Elle ajoute que le requérant reconnaît lui-même qu’il n’exerce plus depuis le 25 octobre 2022, date à laquelle le Conseil d’État a rendu son arrêt n° 254.867, de sorte qu’elle n’aperçoit pas l’urgence alléguée.
V.2. Appréciation
L’urgence au sens de l’article 17, § 1er, des lois sur le Conseil d’État, coordonnées le 12 janvier 1973, ne peut résulter de la seule circonstance qu’une décision au fond interviendrait dans un avenir plus ou moins lointain. Elle ne peut être reconnue que si la partie requérante démontre que la mise en œuvre de l’acte attaqué présenterait des inconvénients d’une immédiateté et d’une gravité suffisantes pour qu’on ne puisse les laisser se produire en attendant l’issue d’une procédure en annulation.
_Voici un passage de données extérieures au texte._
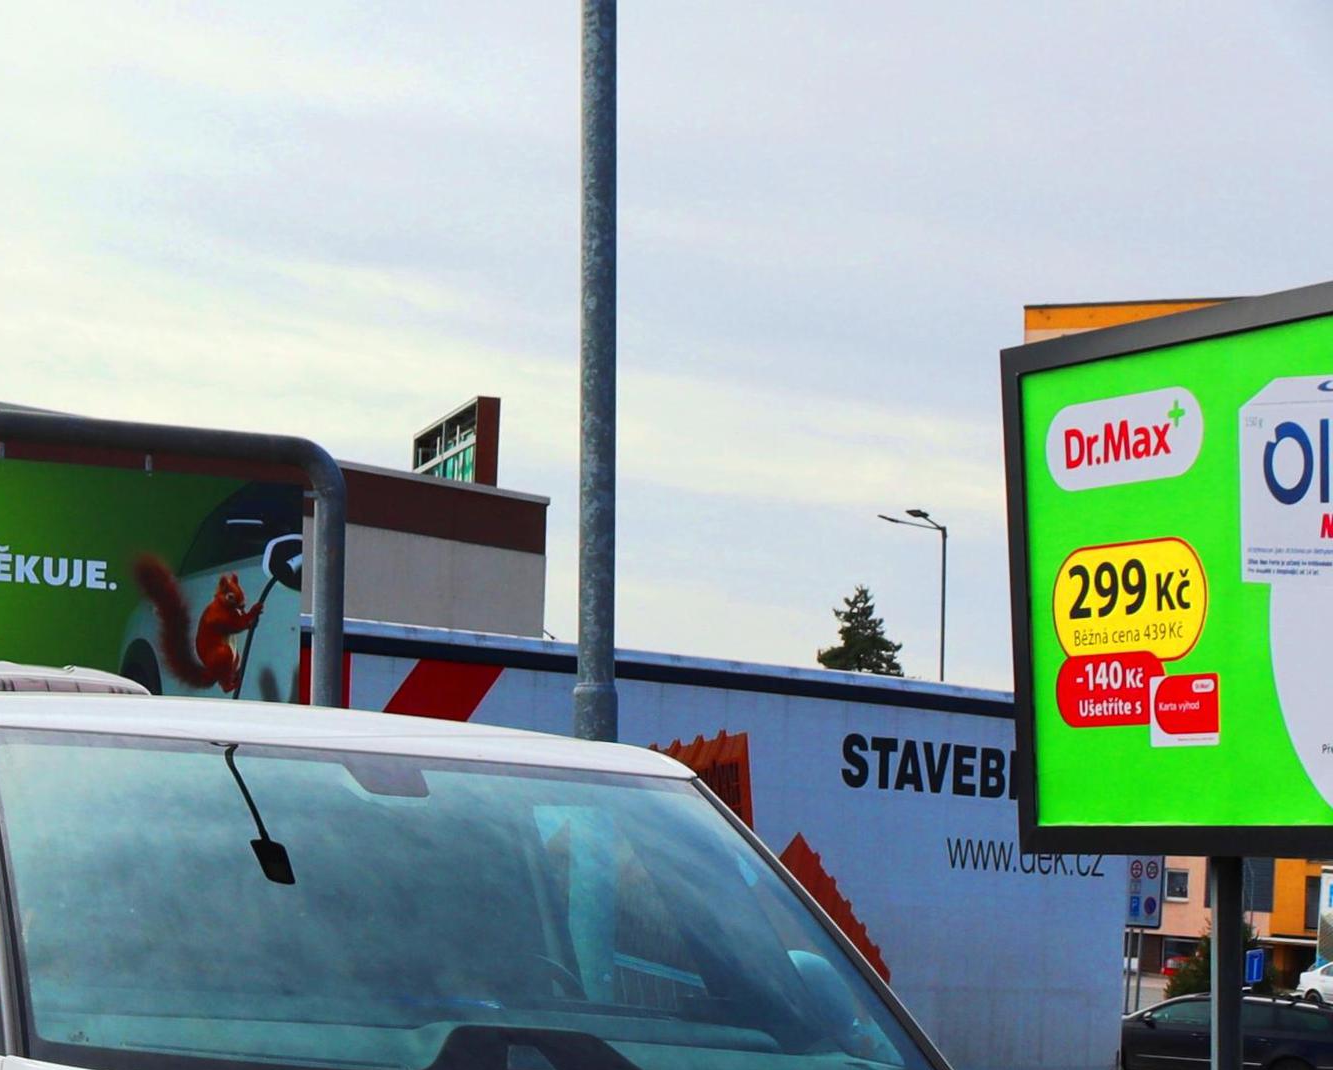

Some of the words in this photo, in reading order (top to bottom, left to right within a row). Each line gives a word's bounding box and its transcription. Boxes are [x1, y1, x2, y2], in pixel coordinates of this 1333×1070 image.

[1068, 558, 1148, 621] 299
[1156, 568, 1191, 613] Kč
[1074, 628, 1108, 648] Běžná
[1112, 629, 1141, 645] cena
[1144, 623, 1166, 642] 439
[1168, 620, 1184, 639] Kč
[1076, 659, 1123, 693] -140
[1125, 667, 1144, 689] Kč
[1079, 695, 1130, 717] Ušetříte
[1135, 701, 1142, 715] s
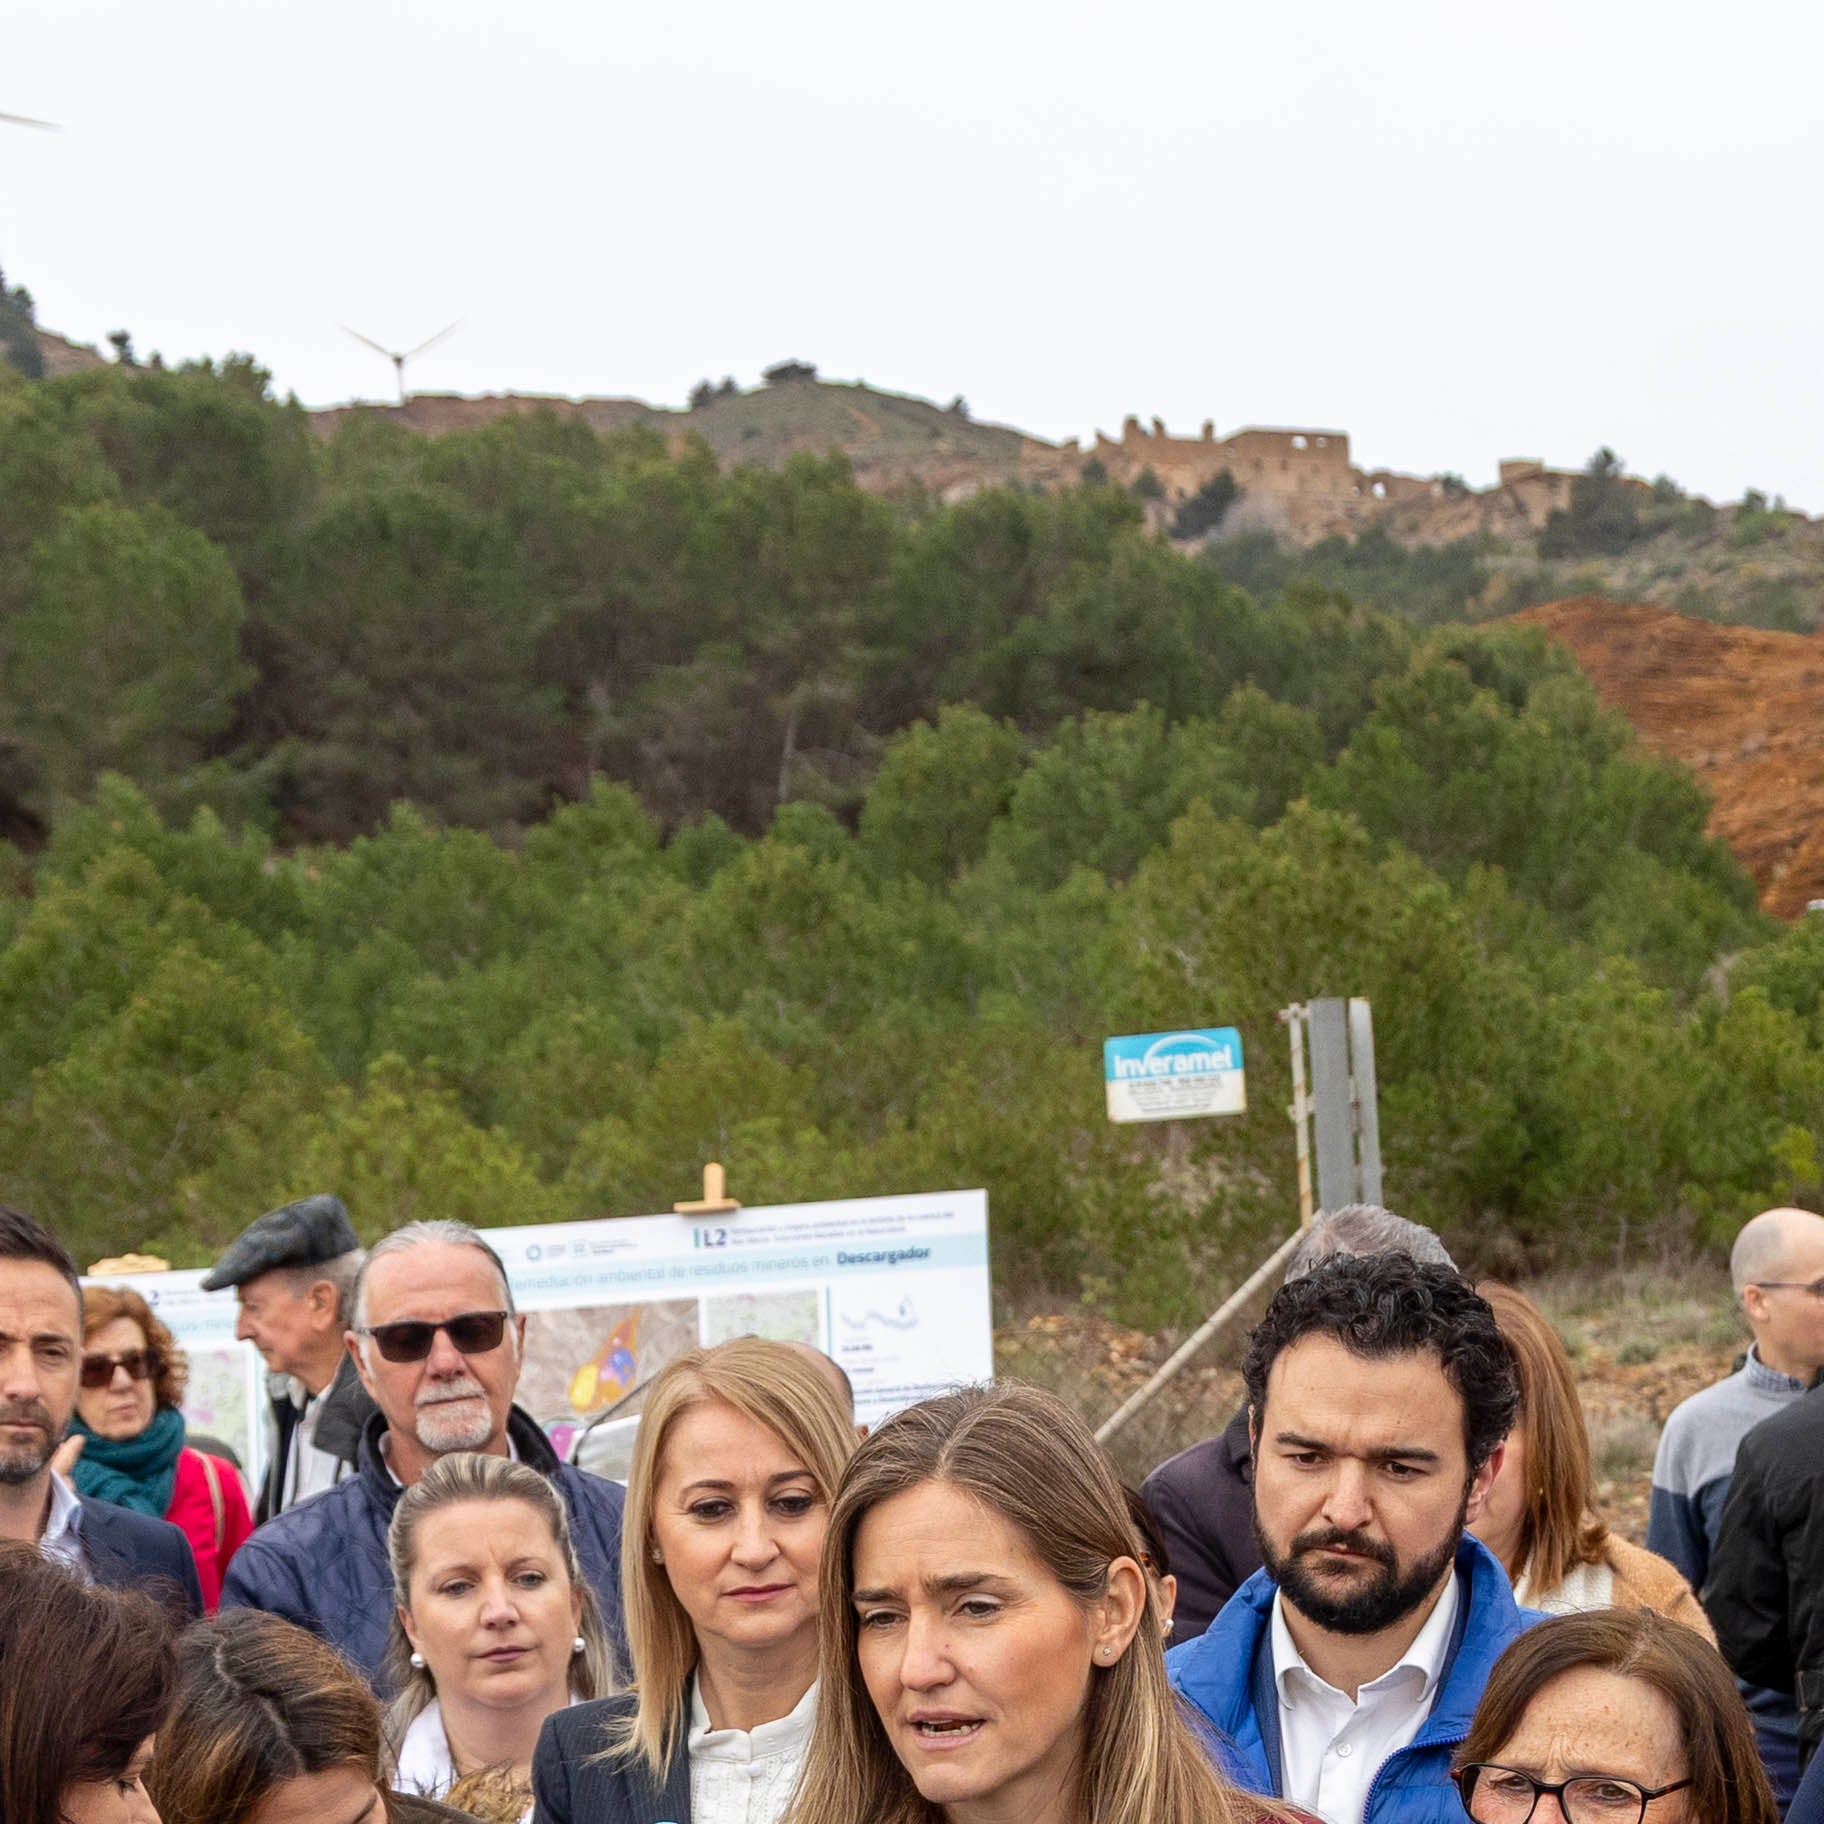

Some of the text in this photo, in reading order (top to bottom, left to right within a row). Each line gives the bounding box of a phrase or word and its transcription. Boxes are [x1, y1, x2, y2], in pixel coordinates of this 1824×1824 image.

[1114, 1043, 1233, 1078] Inveramel
[752, 1256, 810, 1272] mineros
[836, 1245, 931, 1266] Descargador
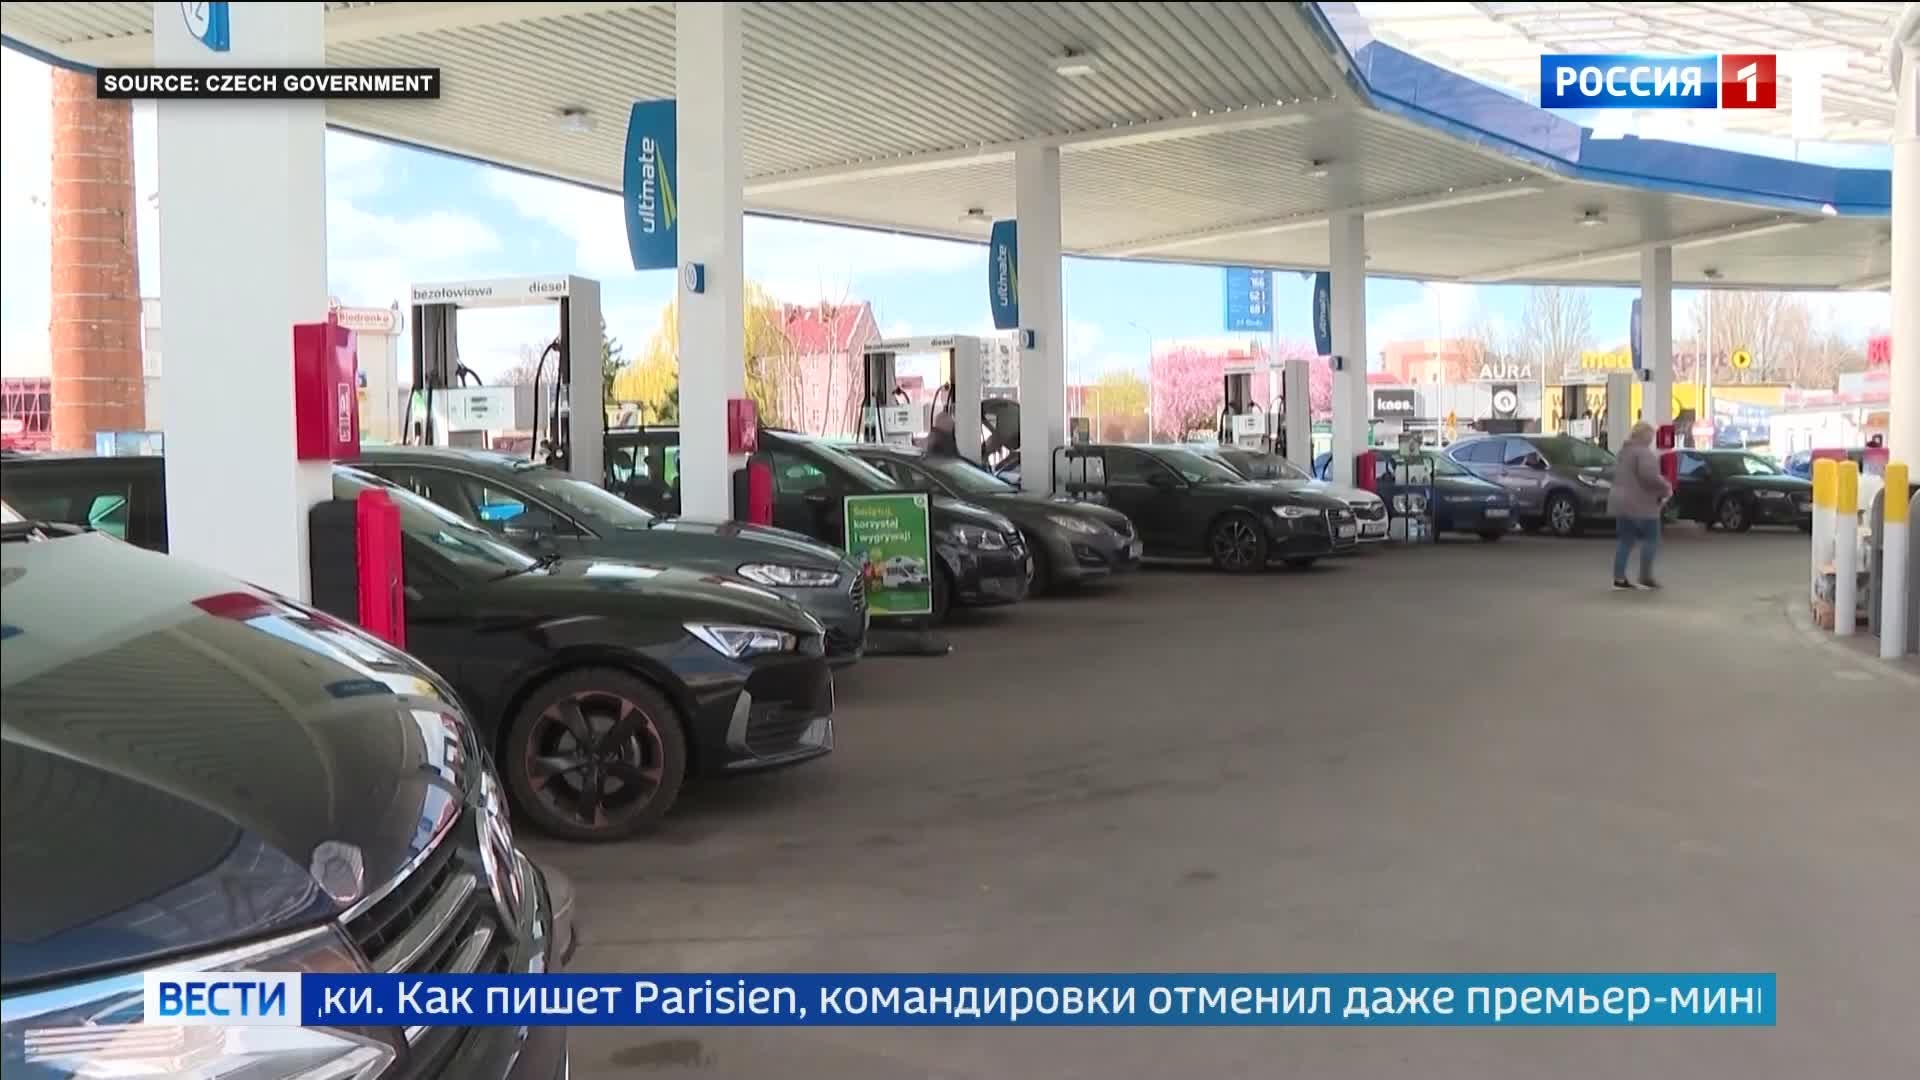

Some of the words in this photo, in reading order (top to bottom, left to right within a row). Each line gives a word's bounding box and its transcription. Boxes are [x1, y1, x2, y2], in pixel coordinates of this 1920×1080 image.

Il appartient à la partie requérante d’établir ab initio et in concreto, dans sa requête, pièces à l’appui le cas échéant, les circonstances qui justifient concrètement l’urgence, le Conseil d’État ne pouvant avoir égard à des éléments produits après le dépôt de la demande de suspension. Cette démonstration de l’urgence ne peut se limiter à un exposé théorique, se cantonner à la seule évocation de précédents ou encore tenir en des considérations générales, mais doit permettre d’apprécier les risques concrets que l’exécution immédiate de la décision attaquée pourrait entraîner pour le requérant.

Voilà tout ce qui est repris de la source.